**PROVIDED MATERIAL:**
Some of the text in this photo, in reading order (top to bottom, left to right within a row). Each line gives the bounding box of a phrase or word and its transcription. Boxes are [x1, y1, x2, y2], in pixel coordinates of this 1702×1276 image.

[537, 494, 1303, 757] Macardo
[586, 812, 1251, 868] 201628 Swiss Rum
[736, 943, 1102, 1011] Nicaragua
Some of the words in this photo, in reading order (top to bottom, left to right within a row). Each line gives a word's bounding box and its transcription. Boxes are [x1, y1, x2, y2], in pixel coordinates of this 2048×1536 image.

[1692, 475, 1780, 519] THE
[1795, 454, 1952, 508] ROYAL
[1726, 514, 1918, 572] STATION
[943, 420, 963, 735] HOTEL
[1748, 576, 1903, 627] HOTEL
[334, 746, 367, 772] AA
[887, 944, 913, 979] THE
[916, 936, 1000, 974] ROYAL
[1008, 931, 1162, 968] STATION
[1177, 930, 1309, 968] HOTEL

**TASK:**
All records above must be printed again, exactly.

**RESULT FOR THIS TASK:**
Some of the text in this photo, in reading order (top to bottom, left to right within a row). Each line gives the bounding box of a phrase or word and its transcription. Boxes are [x1, y1, x2, y2], in pixel coordinates of this 1702×1276 image.

[537, 494, 1303, 757] Macardo
[586, 812, 1251, 868] 201628 Swiss Rum
[736, 943, 1102, 1011] Nicaragua
Some of the words in this photo, in reading order (top to bottom, left to right within a row). Each line gives a word's bounding box and its transcription. Boxes are [x1, y1, x2, y2], in pixel coordinates of this 2048×1536 image.

[1692, 475, 1780, 519] THE
[1795, 454, 1952, 508] ROYAL
[1726, 514, 1918, 572] STATION
[943, 420, 963, 735] HOTEL
[1748, 576, 1903, 627] HOTEL
[334, 746, 367, 772] AA
[887, 944, 913, 979] THE
[916, 936, 1000, 974] ROYAL
[1008, 931, 1162, 968] STATION
[1177, 930, 1309, 968] HOTEL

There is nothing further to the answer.